→ **Task brief**: The copy you print must match the listing exactly, with its pictures removed.

→ **Dataset**:
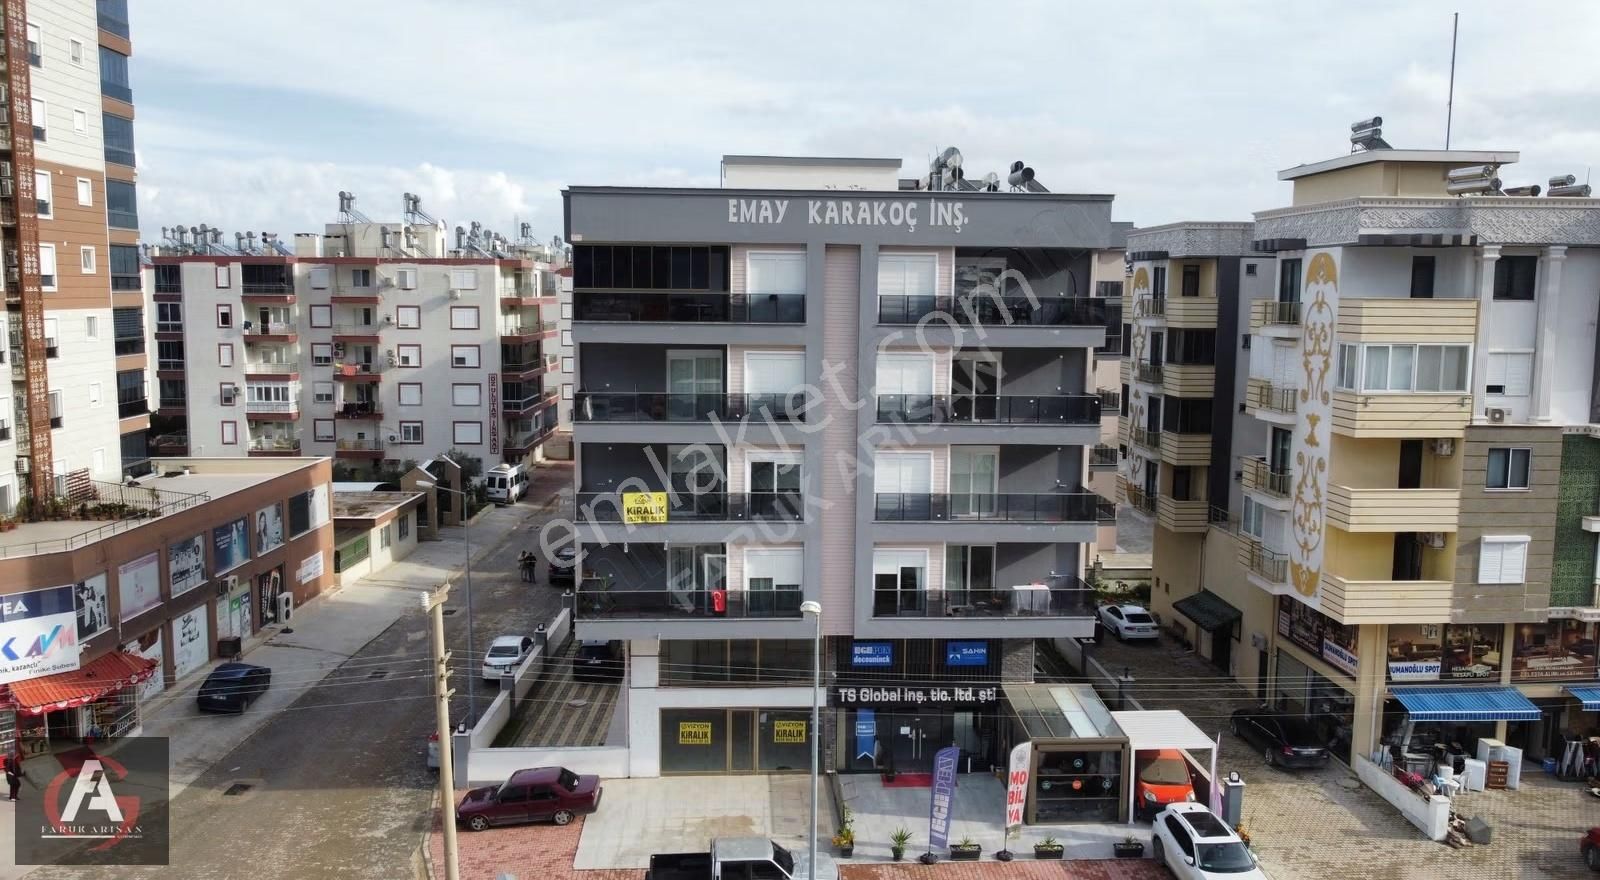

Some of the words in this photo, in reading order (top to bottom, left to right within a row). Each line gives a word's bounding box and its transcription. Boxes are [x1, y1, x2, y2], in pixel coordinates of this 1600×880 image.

[728, 199, 789, 223] EMAY
[808, 201, 917, 232] KARAKOÇ
[929, 198, 968, 233] İNŞ.
[1424, 665, 1440, 673] SPOT
[839, 688, 856, 702] TS
[860, 687, 900, 702] Global
[955, 687, 976, 702] ltd.
[1010, 771, 1027, 785] MO
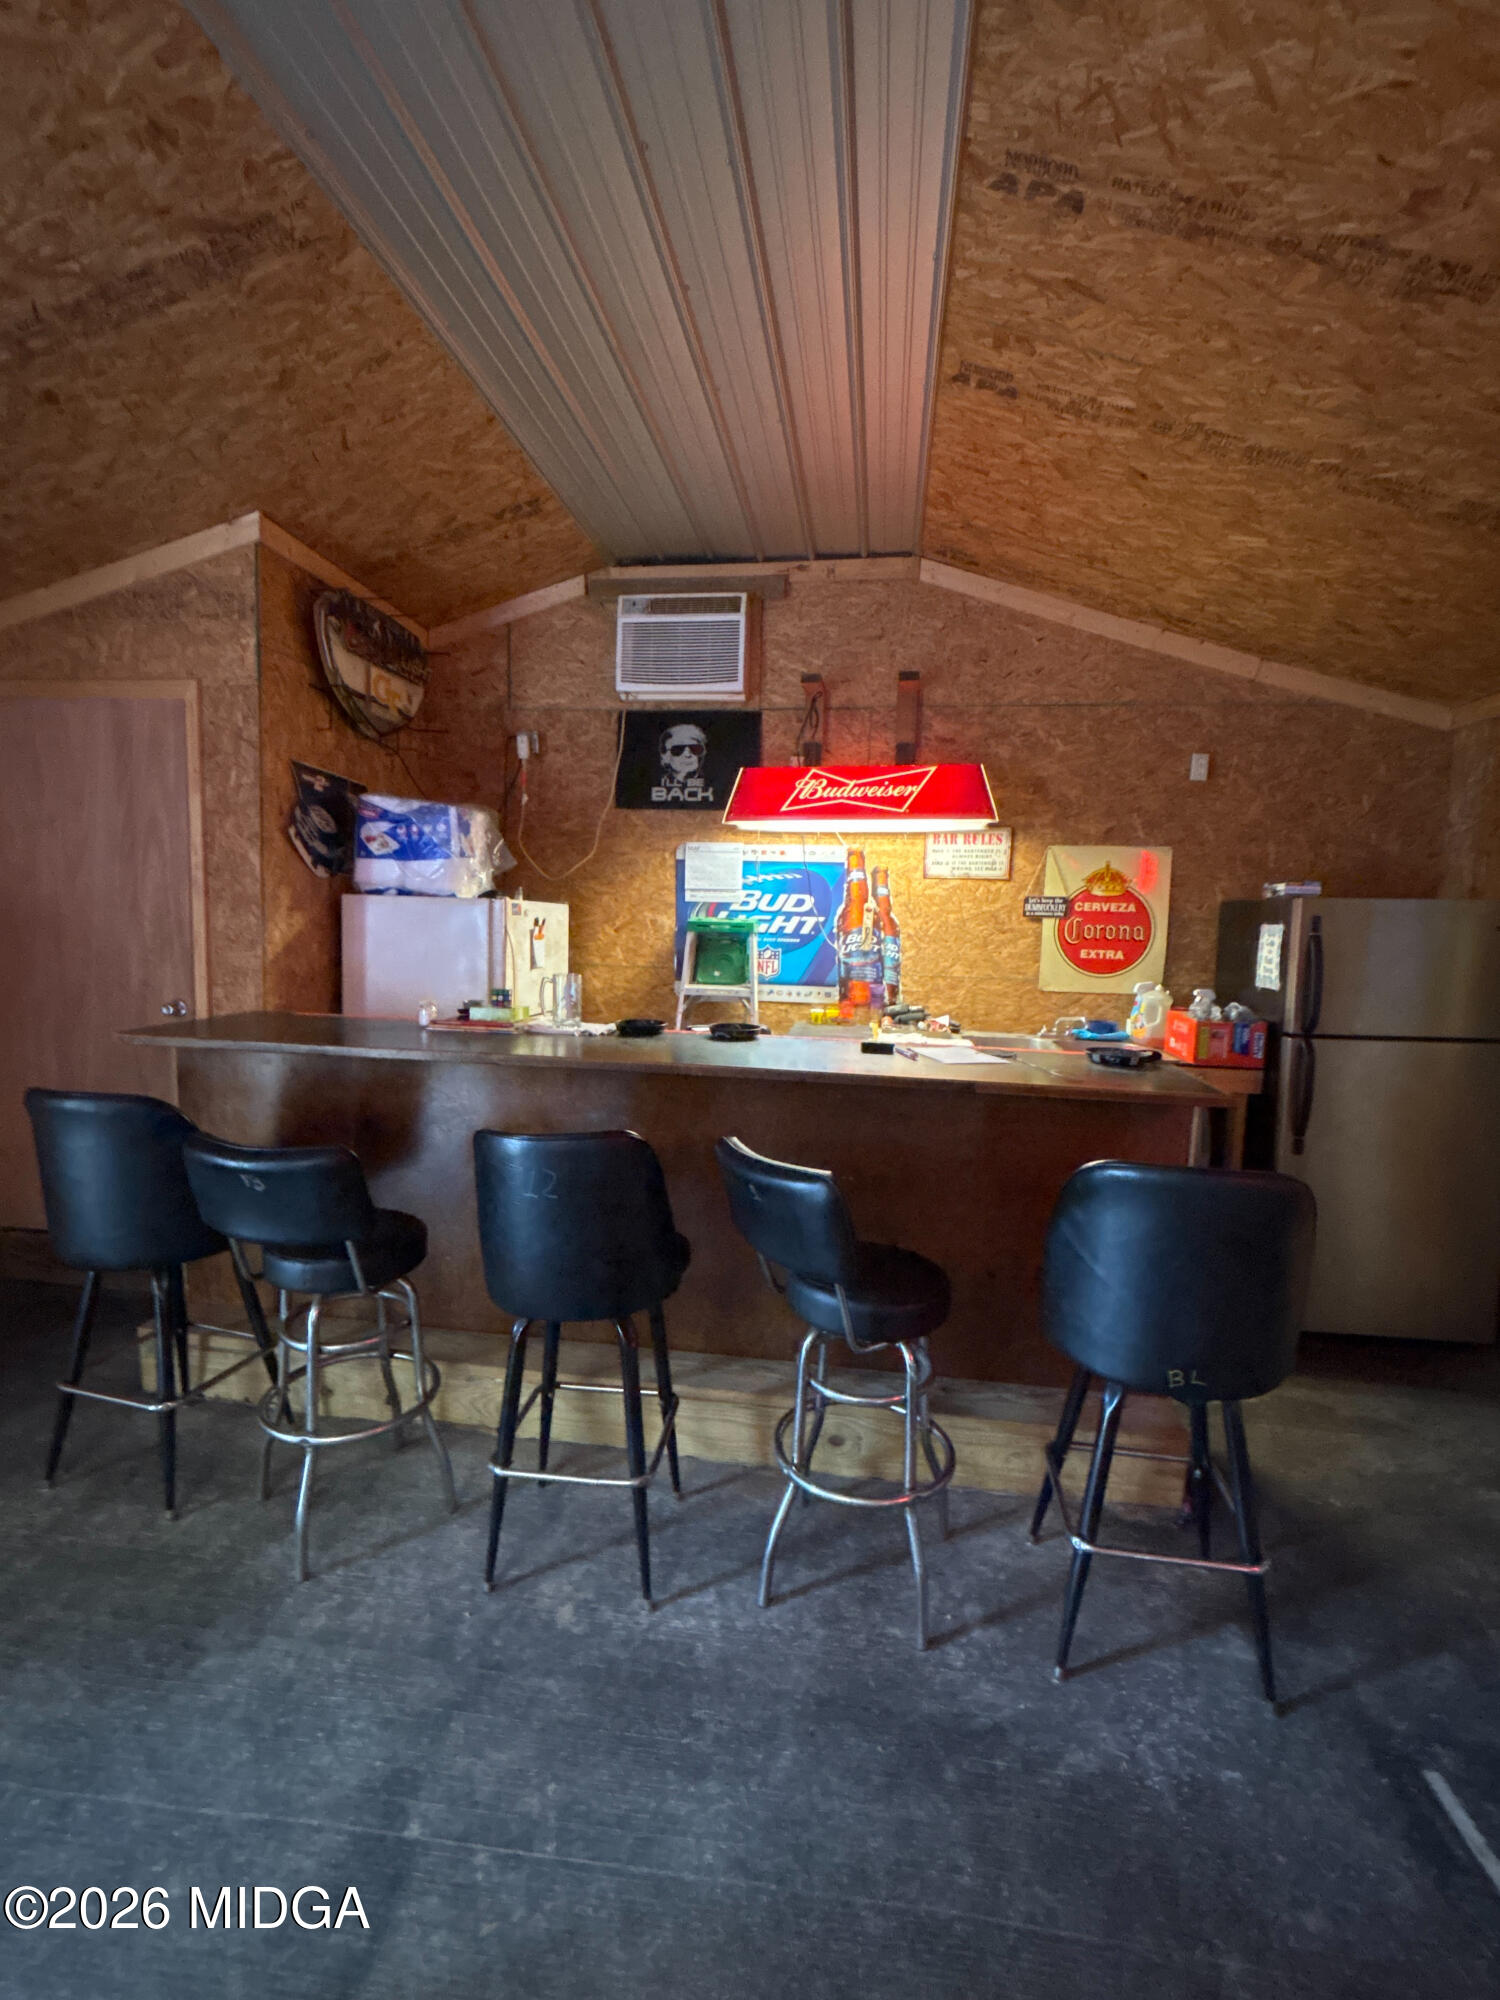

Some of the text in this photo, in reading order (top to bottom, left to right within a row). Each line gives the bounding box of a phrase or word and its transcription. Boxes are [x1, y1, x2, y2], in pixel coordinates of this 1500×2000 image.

[651, 786, 714, 802] BACK
[795, 778, 919, 799] Budweiser
[932, 831, 1003, 845] BAR RULES
[730, 890, 815, 912] BUD
[1074, 901, 1137, 912] CERVEZA
[1064, 916, 1145, 945] Corona
[1080, 949, 1124, 960] EXTRA
[757, 961, 777, 974] NFL
[1169, 1369, 1208, 1388] BL
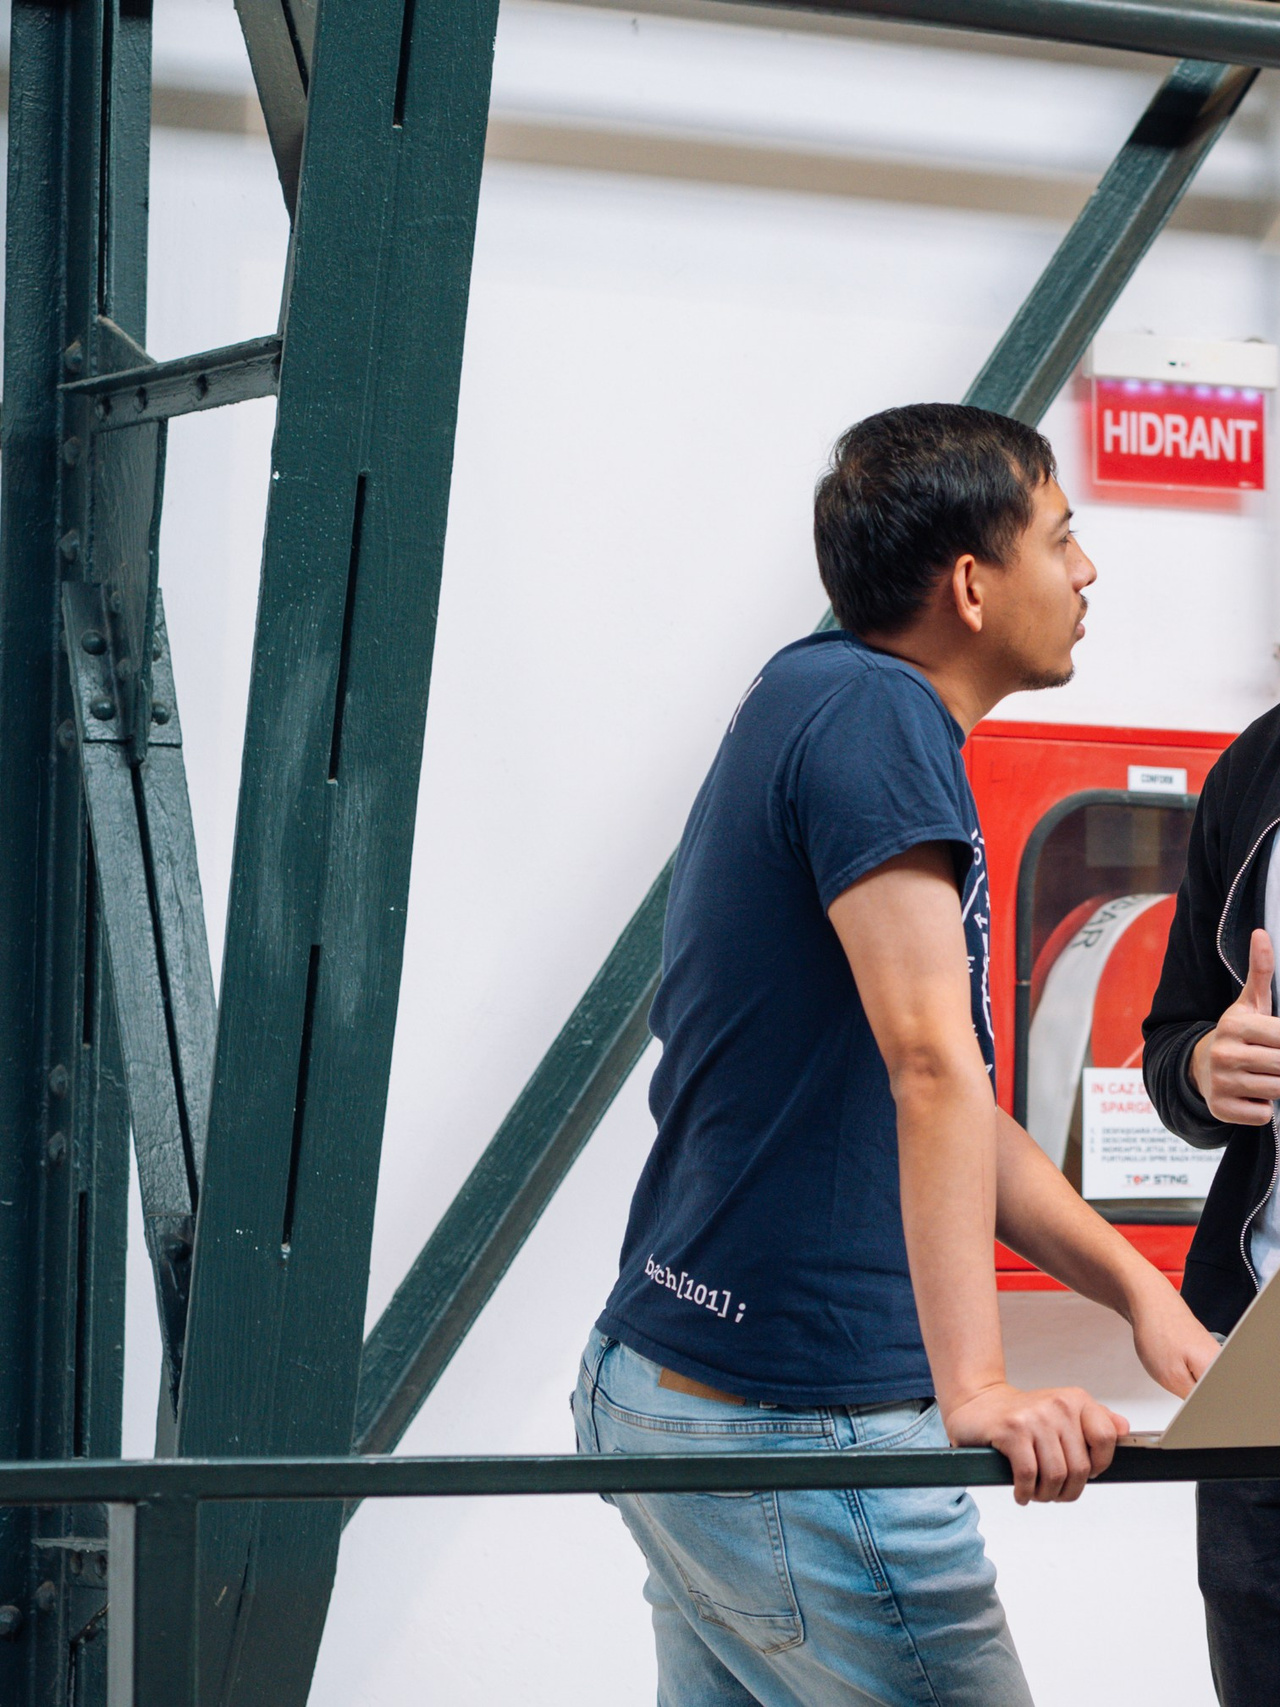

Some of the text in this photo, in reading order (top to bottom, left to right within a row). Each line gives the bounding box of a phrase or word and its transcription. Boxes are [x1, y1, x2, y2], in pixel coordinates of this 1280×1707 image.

→ **Exercise result**:
Some of the words in this photo, in reading order (top to bottom, left to right within a row). Each line gives a word's bounding box and its transcription. Boxes are [x1, y1, x2, y2], in pixel coordinates of this 1600×880 image.

[728, 199, 789, 223] EMAY
[808, 201, 917, 232] KARAKOÇ
[929, 198, 968, 233] İNŞ.
[1424, 665, 1440, 673] SPOT
[839, 688, 856, 702] TS
[860, 687, 900, 702] Global
[955, 687, 976, 702] ltd.
[1010, 771, 1027, 785] MO

Some of the text in this photo, in reading order (top to bottom, left to right within a row). Each line gives the bounding box of a phrase or word and its transcription. Boxes are [x1, y1, x2, y2], in pixel coordinates of this 1500×2000 image.

[651, 786, 714, 802] BACK
[795, 778, 919, 799] Budweiser
[932, 831, 1003, 845] BAR RULES
[730, 890, 815, 912] BUD
[1074, 901, 1137, 912] CERVEZA
[1064, 916, 1145, 945] Corona
[1080, 949, 1124, 960] EXTRA
[757, 961, 777, 974] NFL
[1169, 1369, 1208, 1388] BL

Some of the text in this photo, in reading order (top to bottom, left to right within a row). Each line gives the bounding box of a phrase or word and its transcription. Boxes are [x1, y1, x2, y2], in pixel coordinates of this 1280×1707 image.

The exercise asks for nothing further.